> **YOUR GOAL**
In the records below, find the line containing "this 1536×1024 image.", then reproduce that line and every one after it to the end, exactly and alone.
═════ RECORDED INFORMATION
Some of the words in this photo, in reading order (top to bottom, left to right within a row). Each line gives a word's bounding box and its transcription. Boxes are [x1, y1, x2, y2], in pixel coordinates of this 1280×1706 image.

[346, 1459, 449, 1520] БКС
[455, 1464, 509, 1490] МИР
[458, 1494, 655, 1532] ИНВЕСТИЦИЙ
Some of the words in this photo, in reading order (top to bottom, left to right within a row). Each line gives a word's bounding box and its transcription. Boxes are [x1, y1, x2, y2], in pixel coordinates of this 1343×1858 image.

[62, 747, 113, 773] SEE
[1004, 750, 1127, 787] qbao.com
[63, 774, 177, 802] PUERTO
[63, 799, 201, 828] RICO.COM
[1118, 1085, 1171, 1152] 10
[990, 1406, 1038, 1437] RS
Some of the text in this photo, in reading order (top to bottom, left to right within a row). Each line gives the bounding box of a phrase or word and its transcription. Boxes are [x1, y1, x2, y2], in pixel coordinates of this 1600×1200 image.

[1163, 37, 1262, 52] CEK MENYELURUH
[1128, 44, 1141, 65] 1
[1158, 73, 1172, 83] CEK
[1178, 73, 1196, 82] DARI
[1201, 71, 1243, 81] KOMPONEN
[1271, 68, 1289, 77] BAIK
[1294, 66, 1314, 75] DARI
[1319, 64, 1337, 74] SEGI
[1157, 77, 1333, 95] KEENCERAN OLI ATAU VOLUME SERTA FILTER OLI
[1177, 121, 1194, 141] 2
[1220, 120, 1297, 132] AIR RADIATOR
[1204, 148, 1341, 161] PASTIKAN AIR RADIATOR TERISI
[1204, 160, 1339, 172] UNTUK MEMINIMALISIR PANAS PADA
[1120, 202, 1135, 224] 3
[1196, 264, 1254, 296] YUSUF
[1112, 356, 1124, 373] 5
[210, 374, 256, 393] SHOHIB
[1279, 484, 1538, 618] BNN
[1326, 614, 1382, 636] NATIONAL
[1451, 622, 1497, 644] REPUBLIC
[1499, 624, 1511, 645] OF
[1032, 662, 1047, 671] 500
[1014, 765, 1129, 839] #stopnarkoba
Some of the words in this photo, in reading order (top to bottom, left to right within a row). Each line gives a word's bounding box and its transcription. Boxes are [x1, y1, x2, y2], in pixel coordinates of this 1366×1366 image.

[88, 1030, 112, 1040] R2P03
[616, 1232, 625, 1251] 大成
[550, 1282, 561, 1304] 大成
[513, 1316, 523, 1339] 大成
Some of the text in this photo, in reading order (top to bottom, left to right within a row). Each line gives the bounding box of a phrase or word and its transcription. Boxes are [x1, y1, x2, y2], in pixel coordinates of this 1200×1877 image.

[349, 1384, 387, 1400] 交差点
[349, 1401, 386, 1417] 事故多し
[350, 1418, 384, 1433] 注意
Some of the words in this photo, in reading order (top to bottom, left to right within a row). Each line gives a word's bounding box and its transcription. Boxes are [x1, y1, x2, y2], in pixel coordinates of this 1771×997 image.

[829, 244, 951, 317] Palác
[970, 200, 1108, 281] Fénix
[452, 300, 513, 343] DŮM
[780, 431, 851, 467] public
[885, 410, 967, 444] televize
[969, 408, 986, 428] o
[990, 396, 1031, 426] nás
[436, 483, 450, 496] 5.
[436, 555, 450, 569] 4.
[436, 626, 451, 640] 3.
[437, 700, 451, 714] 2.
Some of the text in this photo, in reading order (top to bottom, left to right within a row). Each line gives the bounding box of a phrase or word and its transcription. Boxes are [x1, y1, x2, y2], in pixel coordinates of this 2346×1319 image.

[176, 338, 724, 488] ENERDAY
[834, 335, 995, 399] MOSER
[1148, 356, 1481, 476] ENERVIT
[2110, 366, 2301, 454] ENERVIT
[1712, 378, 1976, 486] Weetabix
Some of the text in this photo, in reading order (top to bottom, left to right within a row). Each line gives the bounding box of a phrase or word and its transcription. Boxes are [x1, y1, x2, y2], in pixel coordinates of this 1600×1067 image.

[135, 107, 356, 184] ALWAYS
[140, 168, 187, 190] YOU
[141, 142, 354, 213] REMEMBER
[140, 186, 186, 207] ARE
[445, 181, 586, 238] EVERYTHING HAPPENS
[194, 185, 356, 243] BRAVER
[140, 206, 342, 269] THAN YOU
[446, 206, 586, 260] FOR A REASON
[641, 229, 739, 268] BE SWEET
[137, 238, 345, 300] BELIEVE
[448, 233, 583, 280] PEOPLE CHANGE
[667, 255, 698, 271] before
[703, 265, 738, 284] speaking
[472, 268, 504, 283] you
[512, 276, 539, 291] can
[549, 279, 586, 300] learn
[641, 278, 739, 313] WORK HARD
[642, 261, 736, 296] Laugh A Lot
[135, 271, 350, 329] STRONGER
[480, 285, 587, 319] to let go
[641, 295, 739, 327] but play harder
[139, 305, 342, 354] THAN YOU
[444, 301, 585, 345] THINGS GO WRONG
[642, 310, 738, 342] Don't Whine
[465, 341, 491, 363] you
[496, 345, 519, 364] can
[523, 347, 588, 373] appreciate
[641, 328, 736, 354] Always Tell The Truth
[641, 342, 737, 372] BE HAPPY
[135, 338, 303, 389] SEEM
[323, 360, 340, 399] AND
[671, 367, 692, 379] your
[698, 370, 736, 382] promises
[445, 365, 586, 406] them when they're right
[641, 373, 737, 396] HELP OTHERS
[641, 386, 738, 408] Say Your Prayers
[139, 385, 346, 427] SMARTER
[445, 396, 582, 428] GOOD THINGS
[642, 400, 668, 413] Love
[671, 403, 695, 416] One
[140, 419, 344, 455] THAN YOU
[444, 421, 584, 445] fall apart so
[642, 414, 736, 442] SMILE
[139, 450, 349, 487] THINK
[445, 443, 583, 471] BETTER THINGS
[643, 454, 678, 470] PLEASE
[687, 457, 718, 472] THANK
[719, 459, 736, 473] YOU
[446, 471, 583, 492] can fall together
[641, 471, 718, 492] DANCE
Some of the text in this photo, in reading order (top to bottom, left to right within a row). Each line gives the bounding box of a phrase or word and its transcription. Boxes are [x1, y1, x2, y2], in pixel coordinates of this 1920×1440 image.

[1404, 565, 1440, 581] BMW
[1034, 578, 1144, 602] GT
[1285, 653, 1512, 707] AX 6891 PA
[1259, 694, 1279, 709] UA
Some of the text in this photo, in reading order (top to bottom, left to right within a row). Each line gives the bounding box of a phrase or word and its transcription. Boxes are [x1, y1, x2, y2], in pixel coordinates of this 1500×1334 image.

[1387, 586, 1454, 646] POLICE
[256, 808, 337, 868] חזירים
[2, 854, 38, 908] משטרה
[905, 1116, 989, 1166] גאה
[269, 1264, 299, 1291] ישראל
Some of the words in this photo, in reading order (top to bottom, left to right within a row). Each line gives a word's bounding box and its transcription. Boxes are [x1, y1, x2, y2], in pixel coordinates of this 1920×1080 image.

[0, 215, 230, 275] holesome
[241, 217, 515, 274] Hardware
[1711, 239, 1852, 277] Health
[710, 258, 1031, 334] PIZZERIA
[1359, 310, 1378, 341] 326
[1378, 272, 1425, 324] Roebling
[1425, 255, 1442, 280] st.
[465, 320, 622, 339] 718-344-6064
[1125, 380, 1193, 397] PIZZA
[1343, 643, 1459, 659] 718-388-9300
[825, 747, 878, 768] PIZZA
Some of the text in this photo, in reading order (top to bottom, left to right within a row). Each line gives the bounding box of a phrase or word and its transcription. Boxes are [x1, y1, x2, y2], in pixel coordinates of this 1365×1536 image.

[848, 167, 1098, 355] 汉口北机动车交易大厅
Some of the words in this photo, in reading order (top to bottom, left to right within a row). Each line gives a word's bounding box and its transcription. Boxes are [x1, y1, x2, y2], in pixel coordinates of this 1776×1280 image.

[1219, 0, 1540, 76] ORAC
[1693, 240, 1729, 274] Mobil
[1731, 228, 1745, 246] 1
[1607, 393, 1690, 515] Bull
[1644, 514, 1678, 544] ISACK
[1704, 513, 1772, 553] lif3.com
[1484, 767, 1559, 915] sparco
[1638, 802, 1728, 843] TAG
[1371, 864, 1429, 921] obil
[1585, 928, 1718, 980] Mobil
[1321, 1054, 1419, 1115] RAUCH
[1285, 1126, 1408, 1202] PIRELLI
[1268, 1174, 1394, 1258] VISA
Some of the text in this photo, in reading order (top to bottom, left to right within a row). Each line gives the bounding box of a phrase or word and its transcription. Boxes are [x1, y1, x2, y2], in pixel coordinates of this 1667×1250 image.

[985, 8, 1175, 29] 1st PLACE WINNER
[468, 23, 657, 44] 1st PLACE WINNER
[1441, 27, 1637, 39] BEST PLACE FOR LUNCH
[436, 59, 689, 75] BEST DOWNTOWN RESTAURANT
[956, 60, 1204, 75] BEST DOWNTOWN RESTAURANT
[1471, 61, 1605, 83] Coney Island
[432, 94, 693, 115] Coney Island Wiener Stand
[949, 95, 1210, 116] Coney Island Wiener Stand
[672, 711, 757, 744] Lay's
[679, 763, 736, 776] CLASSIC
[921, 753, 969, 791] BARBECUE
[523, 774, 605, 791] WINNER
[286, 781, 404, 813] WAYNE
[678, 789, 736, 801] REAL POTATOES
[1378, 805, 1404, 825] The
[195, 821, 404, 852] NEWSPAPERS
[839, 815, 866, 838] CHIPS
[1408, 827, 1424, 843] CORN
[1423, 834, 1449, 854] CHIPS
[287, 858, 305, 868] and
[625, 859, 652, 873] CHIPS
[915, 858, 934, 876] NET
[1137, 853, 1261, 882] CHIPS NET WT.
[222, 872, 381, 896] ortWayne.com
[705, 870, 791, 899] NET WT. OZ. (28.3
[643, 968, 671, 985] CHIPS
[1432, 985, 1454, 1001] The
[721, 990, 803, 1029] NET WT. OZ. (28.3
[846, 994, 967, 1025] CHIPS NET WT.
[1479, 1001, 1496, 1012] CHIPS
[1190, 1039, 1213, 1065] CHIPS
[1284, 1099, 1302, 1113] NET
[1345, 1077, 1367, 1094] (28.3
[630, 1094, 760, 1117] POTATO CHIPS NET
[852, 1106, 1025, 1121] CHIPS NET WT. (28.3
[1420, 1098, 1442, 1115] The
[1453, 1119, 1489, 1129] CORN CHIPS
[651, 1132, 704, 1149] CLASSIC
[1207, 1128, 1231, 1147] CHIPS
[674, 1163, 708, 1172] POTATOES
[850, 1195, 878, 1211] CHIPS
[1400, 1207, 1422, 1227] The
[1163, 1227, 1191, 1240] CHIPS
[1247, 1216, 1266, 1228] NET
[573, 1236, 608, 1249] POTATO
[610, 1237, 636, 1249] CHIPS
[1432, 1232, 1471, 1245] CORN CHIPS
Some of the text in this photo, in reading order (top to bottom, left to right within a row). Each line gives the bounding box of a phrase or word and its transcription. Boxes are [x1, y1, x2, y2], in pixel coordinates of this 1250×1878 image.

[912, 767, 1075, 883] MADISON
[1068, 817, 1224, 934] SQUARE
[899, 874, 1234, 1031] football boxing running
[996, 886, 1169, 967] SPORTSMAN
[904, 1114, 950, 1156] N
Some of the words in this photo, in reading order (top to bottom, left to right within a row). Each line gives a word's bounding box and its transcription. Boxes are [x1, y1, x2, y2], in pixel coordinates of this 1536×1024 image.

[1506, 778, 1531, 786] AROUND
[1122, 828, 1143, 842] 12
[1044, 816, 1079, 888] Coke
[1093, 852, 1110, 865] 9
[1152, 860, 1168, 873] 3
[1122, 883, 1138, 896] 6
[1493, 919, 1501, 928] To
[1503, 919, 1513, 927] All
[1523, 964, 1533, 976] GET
══════════
> **SOLUTION TO THIS TASK**
Some of the words in this photo, in reading order (top to bottom, left to right within a row). Each line gives a word's bounding box and its transcription. Boxes are [x1, y1, x2, y2], in pixel coordinates of this 1536×1024 image.

[1506, 778, 1531, 786] AROUND
[1122, 828, 1143, 842] 12
[1044, 816, 1079, 888] Coke
[1093, 852, 1110, 865] 9
[1152, 860, 1168, 873] 3
[1122, 883, 1138, 896] 6
[1493, 919, 1501, 928] To
[1503, 919, 1513, 927] All
[1523, 964, 1533, 976] GET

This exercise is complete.